Selected bidders will also need to pay success charges of up to Rs 100,000 per MW and payment security mechanism charges of up to Rs 0.02 per kWh. They will be responsible for transmitting power up to the interconnection point and covering all related transmission expenses.

Developers with existing renewable energy or storage projects that have untied capacity, including those under construction, are also eligible to participate. Projects must be designed to connect to ISTS substations at a minimum voltage level of 220 kV. For projects connected to the STU or intrastate transmission network, the interconnection voltage must comply with state regulations.

Energy storage systems used in the projects must be charged using renewable power.
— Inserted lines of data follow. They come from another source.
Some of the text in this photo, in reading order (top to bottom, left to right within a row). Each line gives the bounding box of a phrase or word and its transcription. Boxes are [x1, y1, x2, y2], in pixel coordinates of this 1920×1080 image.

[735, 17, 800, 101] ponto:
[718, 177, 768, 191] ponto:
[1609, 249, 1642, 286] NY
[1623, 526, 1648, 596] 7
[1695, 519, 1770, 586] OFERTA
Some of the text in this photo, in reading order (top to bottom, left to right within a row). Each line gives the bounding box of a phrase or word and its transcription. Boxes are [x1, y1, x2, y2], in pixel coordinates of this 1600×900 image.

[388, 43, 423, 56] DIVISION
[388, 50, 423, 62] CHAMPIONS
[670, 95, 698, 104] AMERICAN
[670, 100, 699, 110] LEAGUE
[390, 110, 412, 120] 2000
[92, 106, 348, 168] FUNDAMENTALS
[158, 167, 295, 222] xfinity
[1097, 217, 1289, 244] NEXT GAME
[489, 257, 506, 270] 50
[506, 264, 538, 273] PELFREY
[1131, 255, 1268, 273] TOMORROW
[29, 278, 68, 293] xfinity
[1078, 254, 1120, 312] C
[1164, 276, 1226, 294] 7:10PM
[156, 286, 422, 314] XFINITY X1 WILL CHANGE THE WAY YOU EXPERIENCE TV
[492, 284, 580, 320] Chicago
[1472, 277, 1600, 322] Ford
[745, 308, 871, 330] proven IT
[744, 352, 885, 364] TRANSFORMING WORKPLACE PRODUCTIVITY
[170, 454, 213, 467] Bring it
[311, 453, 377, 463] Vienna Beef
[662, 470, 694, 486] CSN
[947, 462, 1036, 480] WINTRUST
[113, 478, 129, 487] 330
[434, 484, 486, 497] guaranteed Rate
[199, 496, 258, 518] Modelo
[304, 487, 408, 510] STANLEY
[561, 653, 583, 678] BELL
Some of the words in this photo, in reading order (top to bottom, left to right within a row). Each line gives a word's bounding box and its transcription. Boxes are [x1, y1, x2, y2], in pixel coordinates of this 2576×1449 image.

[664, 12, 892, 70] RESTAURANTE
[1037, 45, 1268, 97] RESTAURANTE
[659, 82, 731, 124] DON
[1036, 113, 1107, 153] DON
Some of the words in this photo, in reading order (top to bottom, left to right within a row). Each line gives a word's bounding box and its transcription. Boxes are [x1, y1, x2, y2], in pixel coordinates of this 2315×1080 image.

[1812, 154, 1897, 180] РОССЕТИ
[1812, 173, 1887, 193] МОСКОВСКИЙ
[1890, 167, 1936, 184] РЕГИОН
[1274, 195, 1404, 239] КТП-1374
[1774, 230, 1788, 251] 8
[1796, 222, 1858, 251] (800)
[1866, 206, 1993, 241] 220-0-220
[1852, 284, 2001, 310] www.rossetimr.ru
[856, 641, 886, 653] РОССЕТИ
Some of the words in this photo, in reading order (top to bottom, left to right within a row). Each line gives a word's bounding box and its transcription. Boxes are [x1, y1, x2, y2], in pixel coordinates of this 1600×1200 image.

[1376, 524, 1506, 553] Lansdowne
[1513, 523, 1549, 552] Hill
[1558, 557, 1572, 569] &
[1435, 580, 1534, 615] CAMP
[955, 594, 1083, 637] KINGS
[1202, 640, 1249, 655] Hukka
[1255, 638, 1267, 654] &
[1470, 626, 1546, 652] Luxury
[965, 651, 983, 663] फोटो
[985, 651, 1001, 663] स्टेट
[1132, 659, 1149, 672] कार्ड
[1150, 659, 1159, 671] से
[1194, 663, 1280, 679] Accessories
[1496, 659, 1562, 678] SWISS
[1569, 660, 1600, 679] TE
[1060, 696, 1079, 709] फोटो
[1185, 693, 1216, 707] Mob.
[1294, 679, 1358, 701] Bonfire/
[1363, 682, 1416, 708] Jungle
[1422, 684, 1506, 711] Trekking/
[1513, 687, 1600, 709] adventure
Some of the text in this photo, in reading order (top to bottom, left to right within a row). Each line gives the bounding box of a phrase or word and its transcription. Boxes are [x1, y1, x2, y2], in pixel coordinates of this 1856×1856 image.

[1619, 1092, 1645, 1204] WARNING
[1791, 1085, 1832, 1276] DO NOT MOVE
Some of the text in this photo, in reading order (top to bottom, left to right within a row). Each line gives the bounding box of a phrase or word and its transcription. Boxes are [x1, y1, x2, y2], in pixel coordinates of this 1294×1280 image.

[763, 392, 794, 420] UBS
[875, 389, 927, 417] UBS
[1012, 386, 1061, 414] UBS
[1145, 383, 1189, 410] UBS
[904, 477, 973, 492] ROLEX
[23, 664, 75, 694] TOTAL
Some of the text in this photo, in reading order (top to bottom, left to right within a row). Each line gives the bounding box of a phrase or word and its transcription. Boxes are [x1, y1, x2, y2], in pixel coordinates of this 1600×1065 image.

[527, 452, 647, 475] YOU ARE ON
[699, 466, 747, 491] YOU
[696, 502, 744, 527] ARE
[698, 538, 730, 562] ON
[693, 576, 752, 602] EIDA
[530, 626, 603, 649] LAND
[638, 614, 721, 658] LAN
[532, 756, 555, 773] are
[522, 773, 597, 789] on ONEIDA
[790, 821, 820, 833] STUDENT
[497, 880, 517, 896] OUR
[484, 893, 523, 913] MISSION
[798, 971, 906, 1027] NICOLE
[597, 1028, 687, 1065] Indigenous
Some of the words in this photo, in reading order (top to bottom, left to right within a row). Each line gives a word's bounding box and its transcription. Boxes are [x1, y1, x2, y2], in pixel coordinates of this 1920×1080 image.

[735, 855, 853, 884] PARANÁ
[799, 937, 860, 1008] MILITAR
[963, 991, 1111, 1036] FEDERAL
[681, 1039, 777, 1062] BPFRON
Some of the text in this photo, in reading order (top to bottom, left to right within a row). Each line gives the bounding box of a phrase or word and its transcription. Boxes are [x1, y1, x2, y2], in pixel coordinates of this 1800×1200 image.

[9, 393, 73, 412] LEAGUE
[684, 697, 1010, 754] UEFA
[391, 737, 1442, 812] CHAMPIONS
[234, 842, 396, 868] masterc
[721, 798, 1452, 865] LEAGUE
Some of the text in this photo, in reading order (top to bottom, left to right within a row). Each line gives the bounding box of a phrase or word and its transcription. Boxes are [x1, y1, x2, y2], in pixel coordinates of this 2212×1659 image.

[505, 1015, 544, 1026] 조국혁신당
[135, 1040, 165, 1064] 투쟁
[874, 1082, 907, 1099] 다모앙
These storage facilities can either be owned by the project developer or by a third party and may be located at the same site as the renewable project or at a separate location.

Successful bidders must maintain a demand fulfillment ratio of at least 90% during peak hours and 80% during off-peak hours in every time block. However, developers may nominate two months between July and September when the requirement can be relaxed to 70%. Overall, the projects must achieve an annual demand fulfillment ratio of at least 90%.

The buying entity will designate six hours each day as peak demand periods within the time windows of 00:00–10:00 and 18:00–24:00. The renewable energy projects must be commissioned within 18 months from the effective date of the power purchase agreement.

Only commercially proven technologies are permitted to minimize operational risks and ensure timely power delivery. Wind turbines used in the projects must be certified models listed in the Ministry of New and Renewable Energy’s revised list of models and manufacturers, while solar modules and cells must be sourced from the approved list of models and manufacturers.

To qualify, bidders must have previously commissioned renewable energy projects within the last seven years with capacities linked to the bid size. Participants must quote a minimum capacity of 100 MW and can bid for up to 500 MW.

Financial eligibility requires bidders to maintain a net worth calculated based on the installed capacities of solar, wind, and storage components. Additionally, bidders must meet at least one financial criterion, such as maintaining a minimum annual turnover of Rs 4 million per MW in the last financial year, demonstrating internal resource generation capability through profit before depreciation, interest, and taxes of at least Rs 8 million, or presenting an in-principle sanction letter from lending institutions for a line of credit of at least Rs 10 million.